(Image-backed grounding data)
○ ○ ○
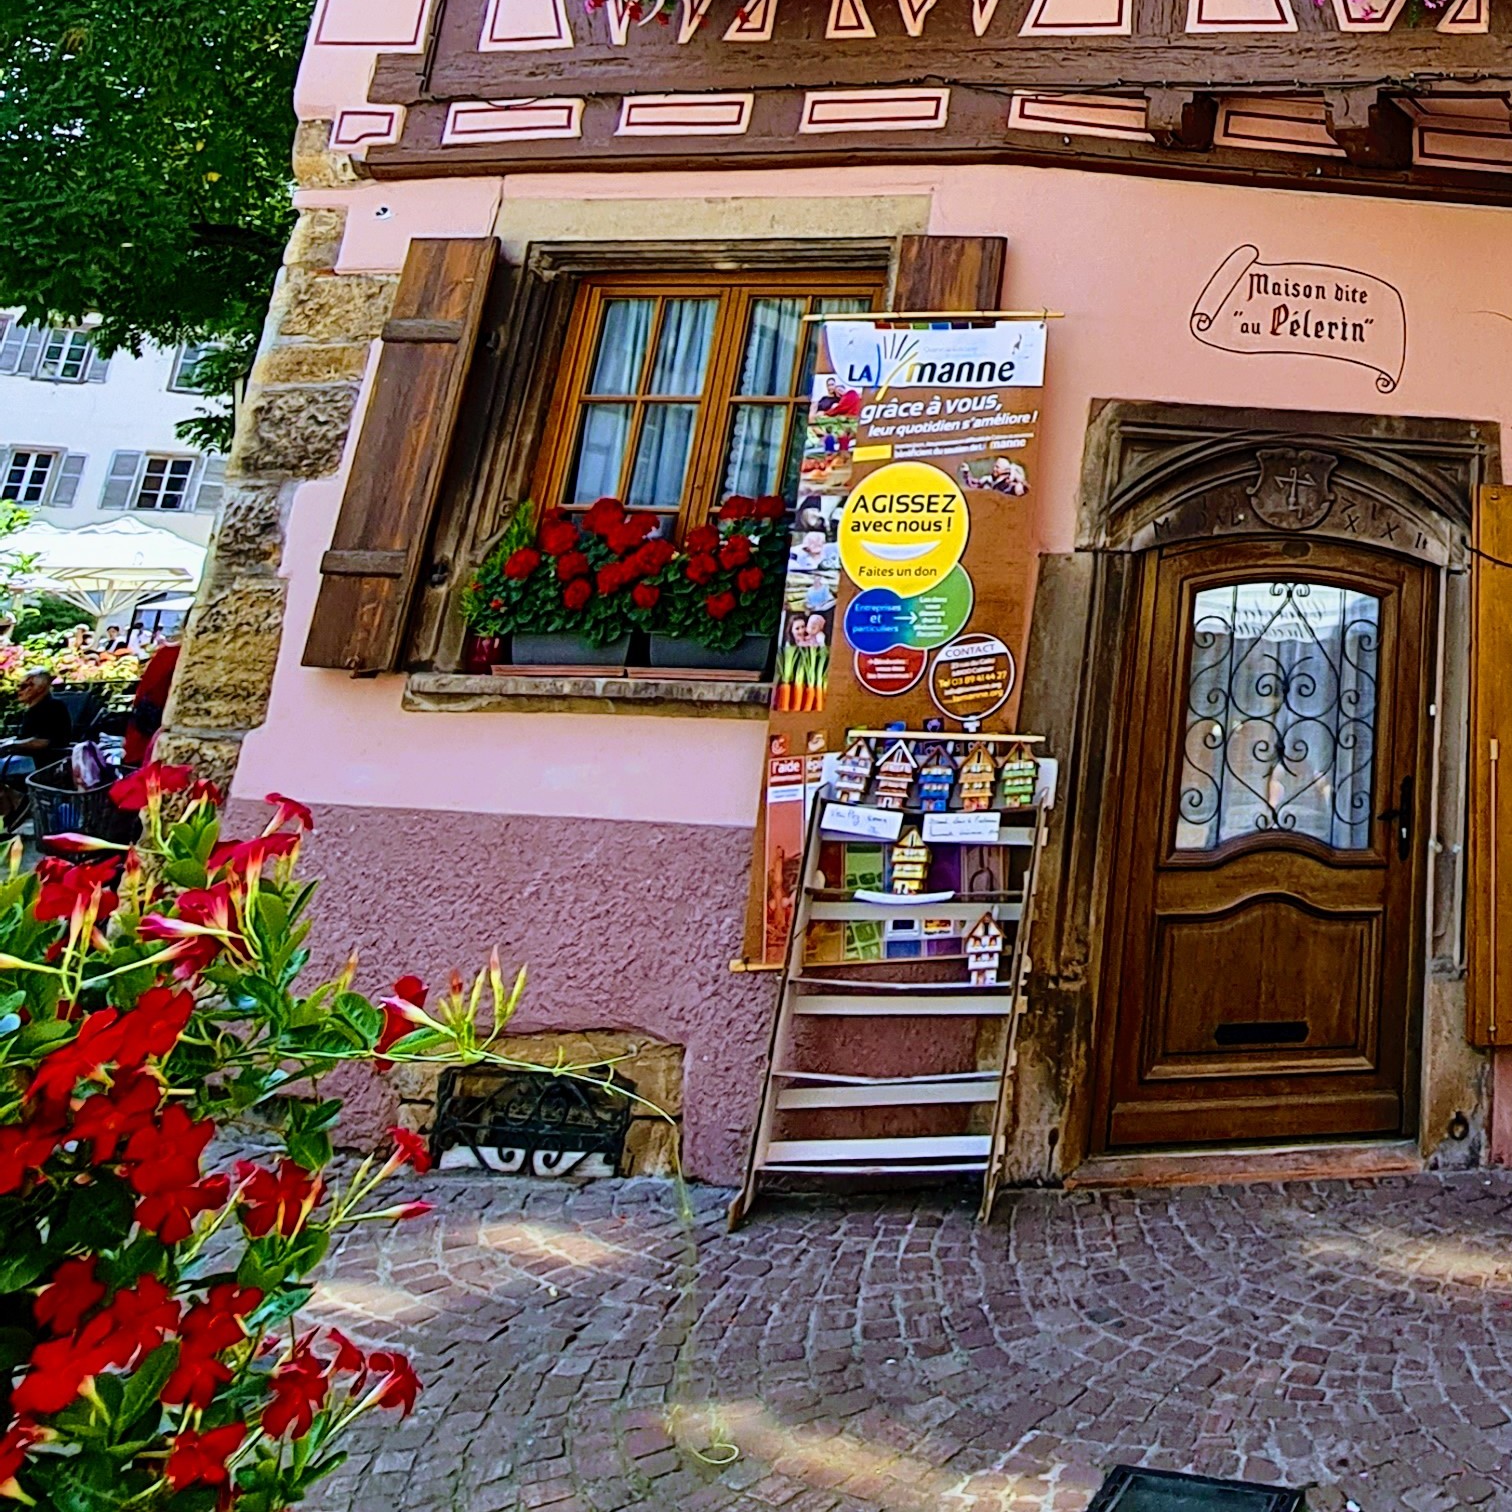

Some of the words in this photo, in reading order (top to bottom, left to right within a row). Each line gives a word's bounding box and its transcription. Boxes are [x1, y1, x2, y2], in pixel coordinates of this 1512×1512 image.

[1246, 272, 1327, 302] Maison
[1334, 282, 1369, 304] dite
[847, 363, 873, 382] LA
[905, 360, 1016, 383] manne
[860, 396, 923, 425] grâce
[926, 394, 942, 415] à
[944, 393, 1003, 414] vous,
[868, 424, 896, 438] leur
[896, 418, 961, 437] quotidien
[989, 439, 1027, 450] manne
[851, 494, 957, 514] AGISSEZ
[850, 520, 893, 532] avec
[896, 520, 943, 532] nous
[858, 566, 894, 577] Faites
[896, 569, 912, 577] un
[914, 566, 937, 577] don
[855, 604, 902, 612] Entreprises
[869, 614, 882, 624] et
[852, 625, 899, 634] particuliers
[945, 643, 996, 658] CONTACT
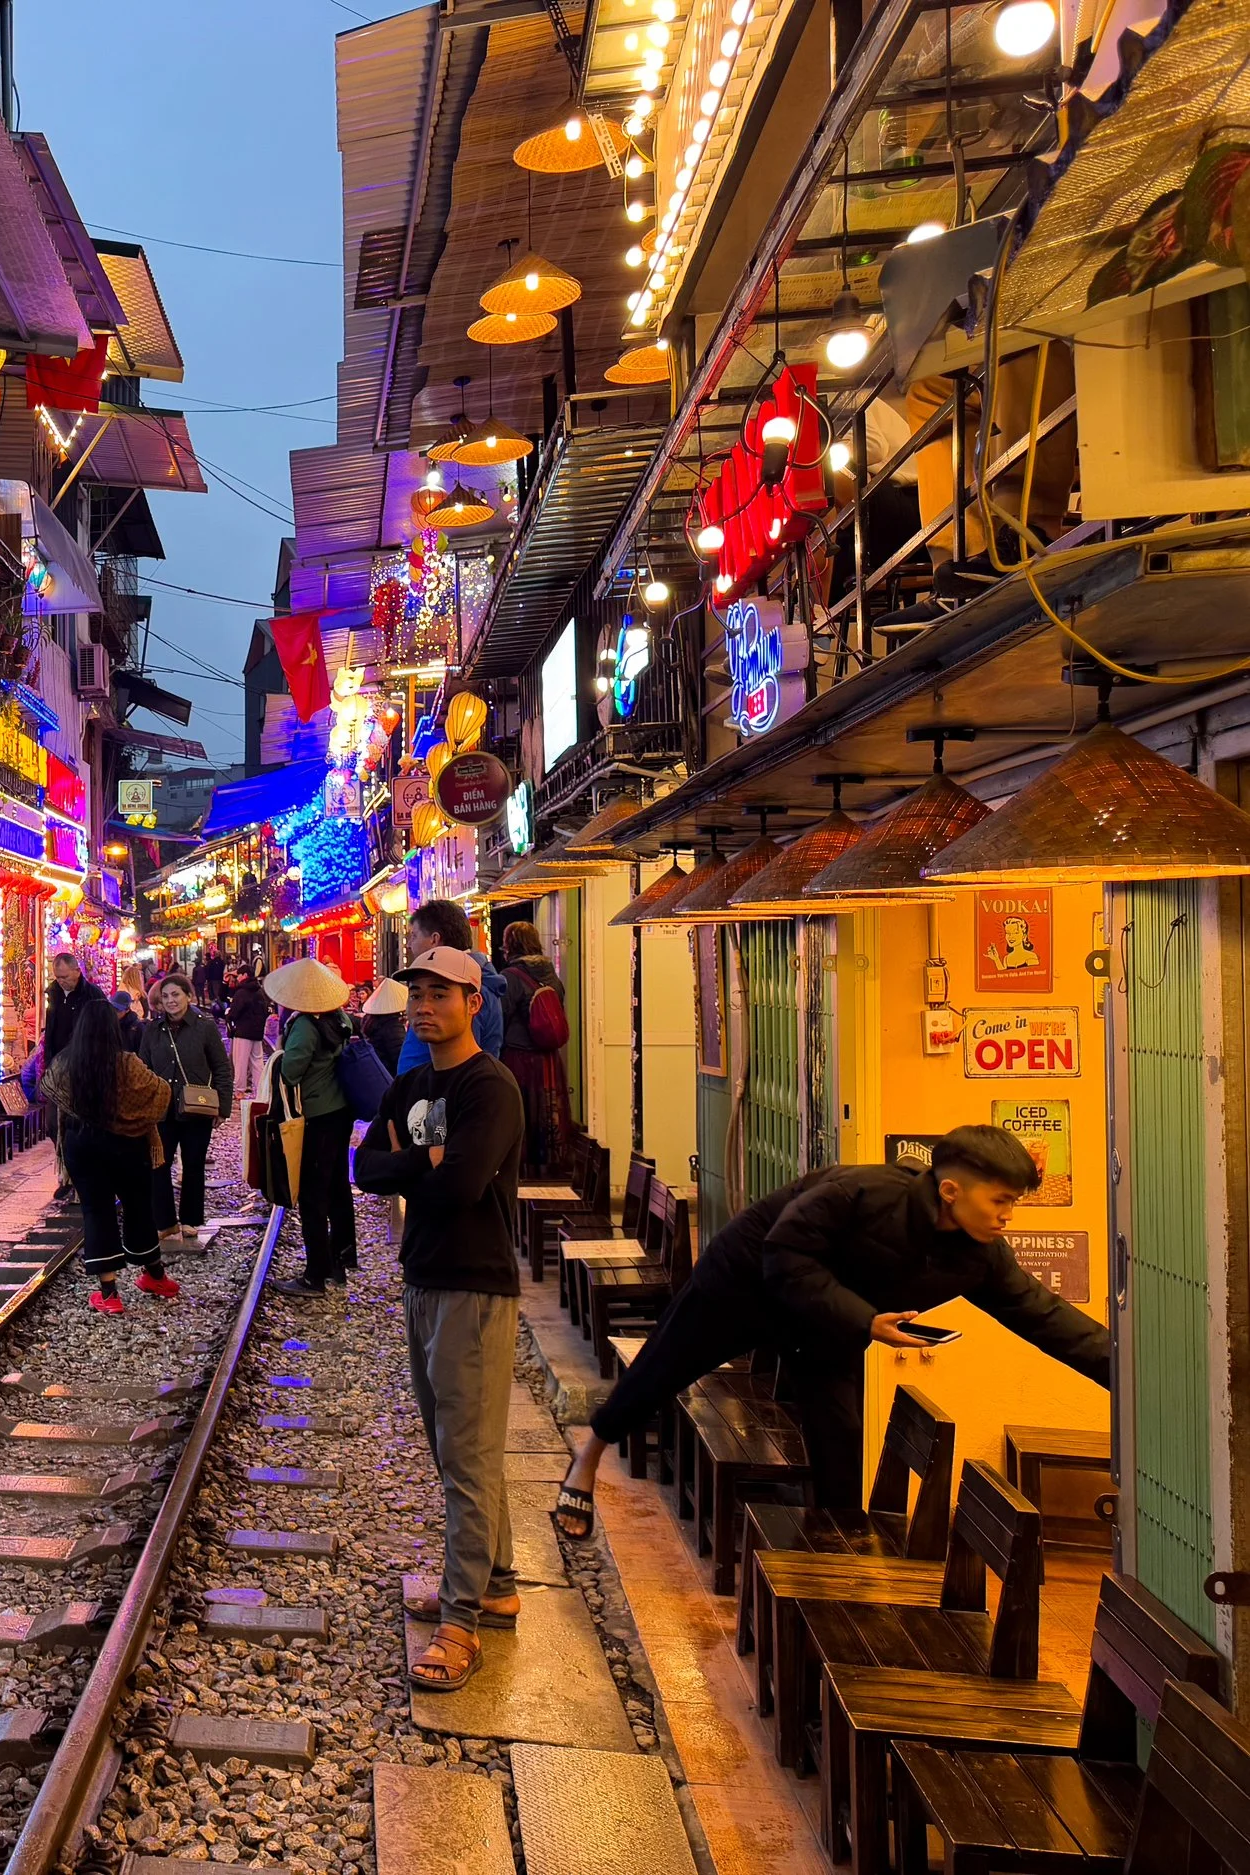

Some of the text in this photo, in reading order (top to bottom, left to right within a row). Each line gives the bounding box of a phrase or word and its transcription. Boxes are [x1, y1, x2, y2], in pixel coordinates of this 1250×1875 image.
○ ○ ○
What the exercise asks: Print out the records in full and exactly, dropping every picture.

Written solution:
Some of the words in this photo, in reading order (top to bottom, left to right within a row). Each line gives a word's bounding box and its transcription. Boxes are [x1, y1, x2, y2], in pixel coordinates of this 1512×1512 image.

[1246, 272, 1327, 302] Maison
[1334, 282, 1369, 304] dite
[847, 363, 873, 382] LA
[905, 360, 1016, 383] manne
[860, 396, 923, 425] grâce
[926, 394, 942, 415] à
[944, 393, 1003, 414] vous,
[868, 424, 896, 438] leur
[896, 418, 961, 437] quotidien
[989, 439, 1027, 450] manne
[851, 494, 957, 514] AGISSEZ
[850, 520, 893, 532] avec
[896, 520, 943, 532] nous
[858, 566, 894, 577] Faites
[896, 569, 912, 577] un
[914, 566, 937, 577] don
[855, 604, 902, 612] Entreprises
[869, 614, 882, 624] et
[852, 625, 899, 634] particuliers
[945, 643, 996, 658] CONTACT

Some of the text in this photo, in reading order (top to bottom, left to right within a row). Each line gives the bounding box of a phrase or word and its transcription. Boxes are [x1, y1, x2, y2], in pixel coordinates of this 1250×1875 image.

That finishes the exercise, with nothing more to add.